Reimbursement uncertainty clouds expansion of hospital at home 

Uptake among provider organizations has been aided by a CMS waiver, but executives say more payment assurances are needed to aid future growth.



This article is part of Bringing Care Closer to Home - June/July 2024 COVERstory.

Despite all the positive vibes about providing acute care to patients in their homes, forgive provider organizations if they’re not a bit queasy about making the move. 

For most organizations considering such a program, it’s natural to fear that current demand for inpatient care could ebb, and that acute care at home programs could thus cannibalize revenue. There’s also a cost involved in starting these programs – one executive likened beginning a hospital at home program to starting a whole new department as a product line. And home at health pioneers admit that it’s been difficult to scale the programs quickly and cost-effectively – to be expected for any new startup. 

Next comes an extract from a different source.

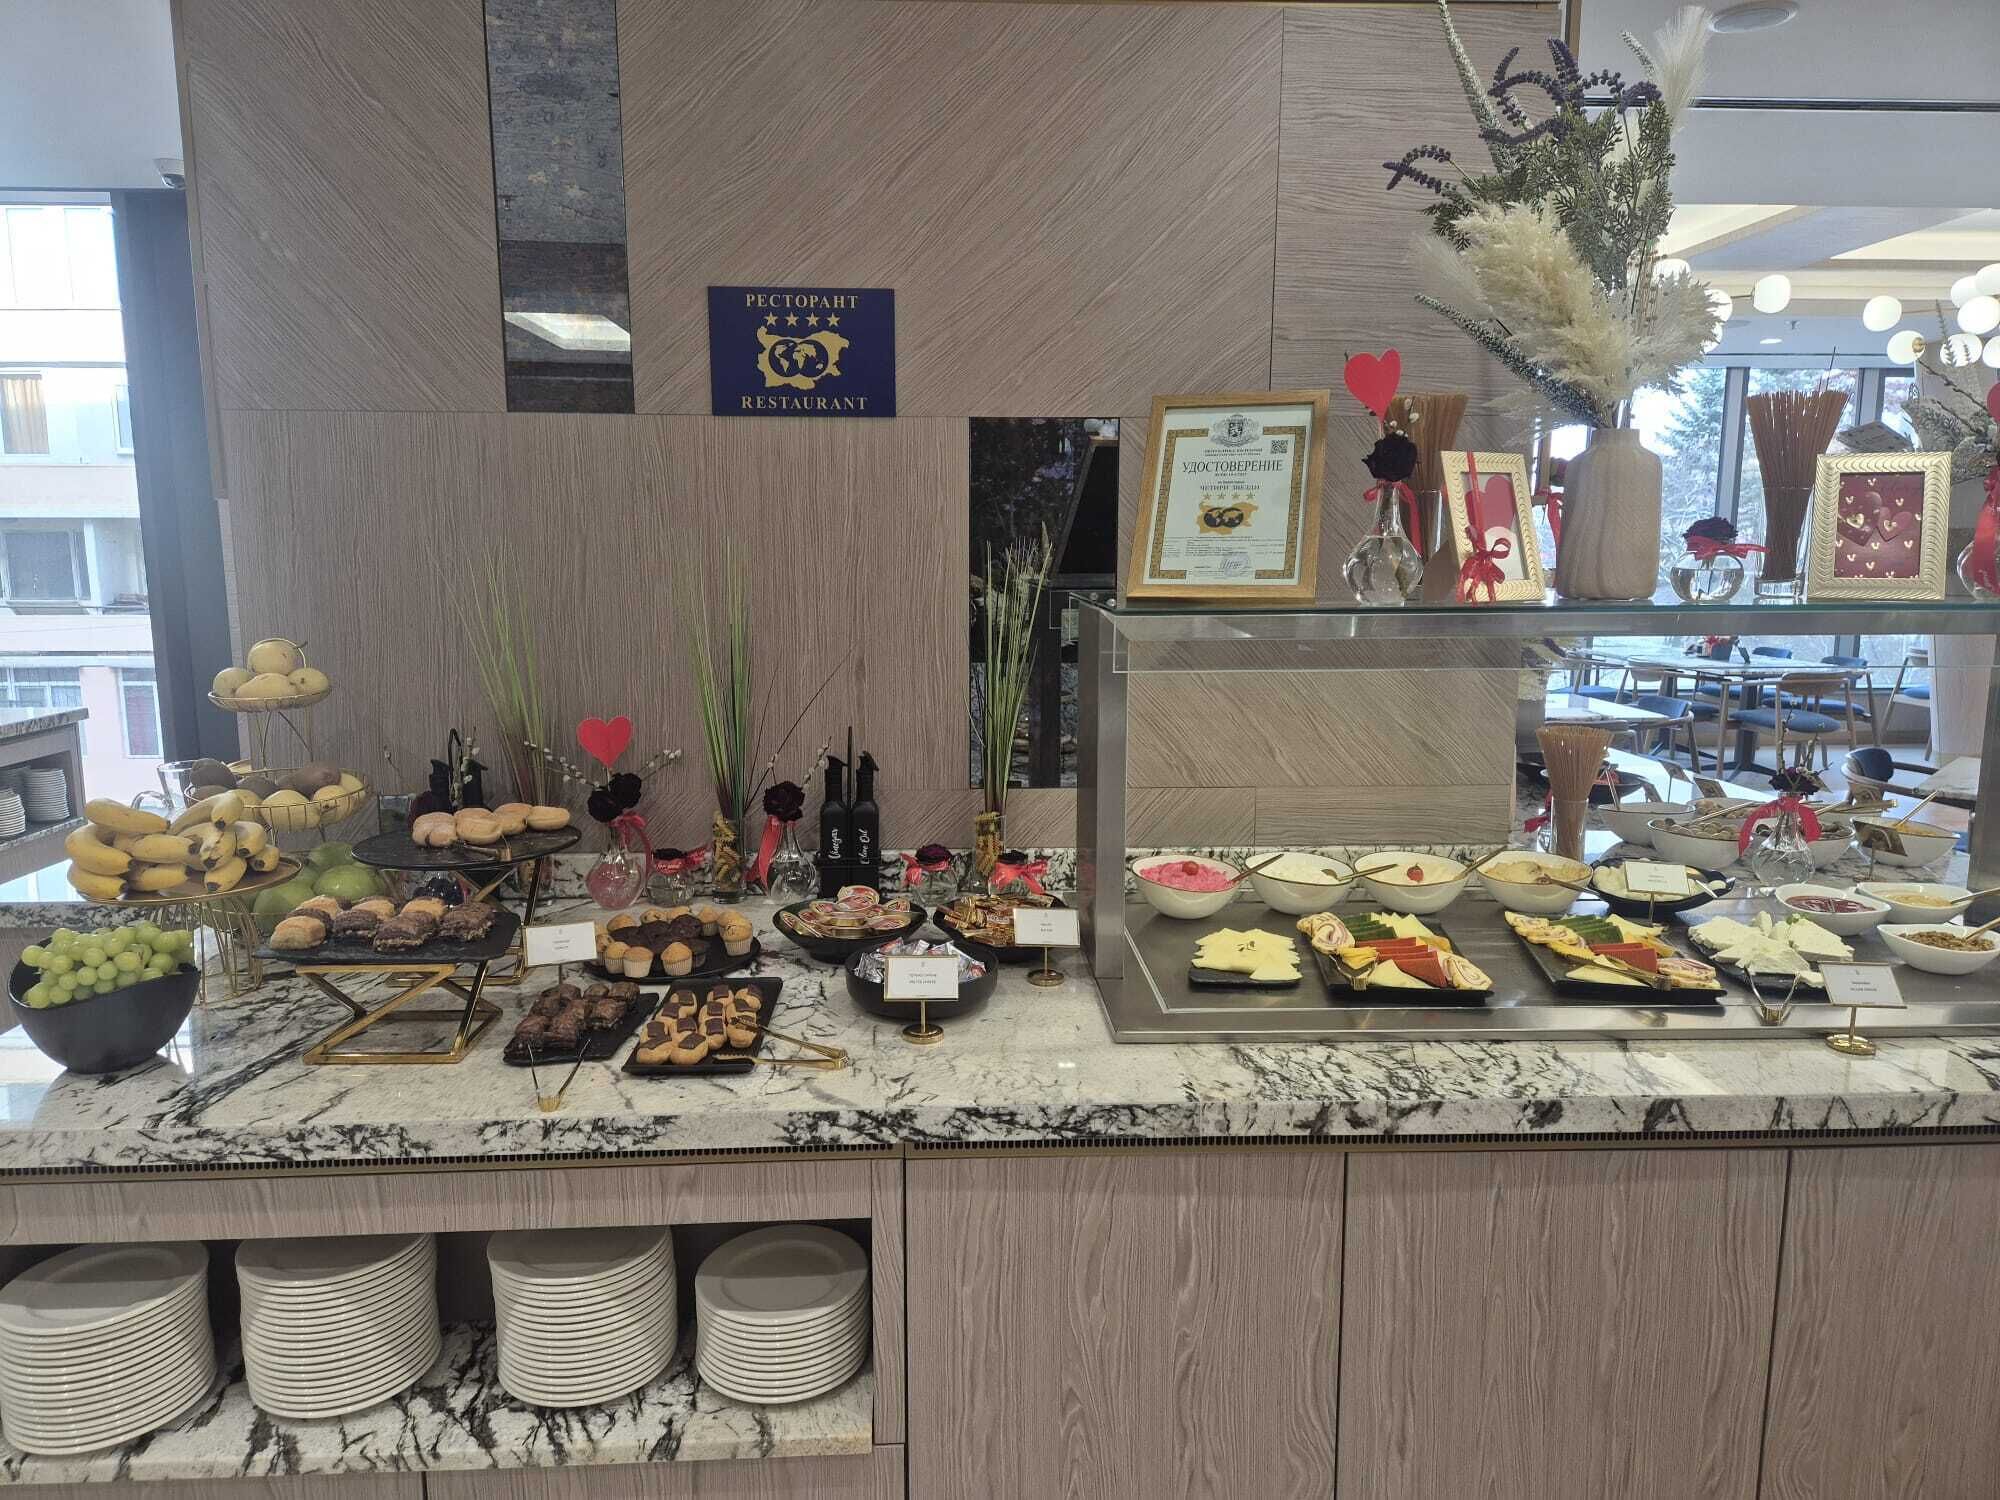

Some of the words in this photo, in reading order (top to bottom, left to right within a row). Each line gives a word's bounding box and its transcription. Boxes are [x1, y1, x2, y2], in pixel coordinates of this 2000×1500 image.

[746, 294, 859, 309] РЕСТОРАНТ
[741, 395, 867, 410] RESTAURANT
[1182, 459, 1284, 474] УДОСТОВЕРЕНИЕ

But many organizations remain queasy about the long-term prognosis for reimbursement for such programs. At present, there’s an endpoint to a federal waiver enabling such programs, and there’s no consistent approach among payers for reimbursing for the delivery of acute care at home. 

Assuring reimbursement 

For all the promise of delivering acute care in patients’ homes, gaining confidence in future reimbursement is crucial, many analysts say. 

CMS had authorized more than 320 hospitals across 133 health systems by April 2024 to offer acute hospital care at home, a report by the American Hospital Association indicates. There’s potential for this number to double by 2026 if reimbursement is assured, according to a May 2023 report from Chilmark Research. 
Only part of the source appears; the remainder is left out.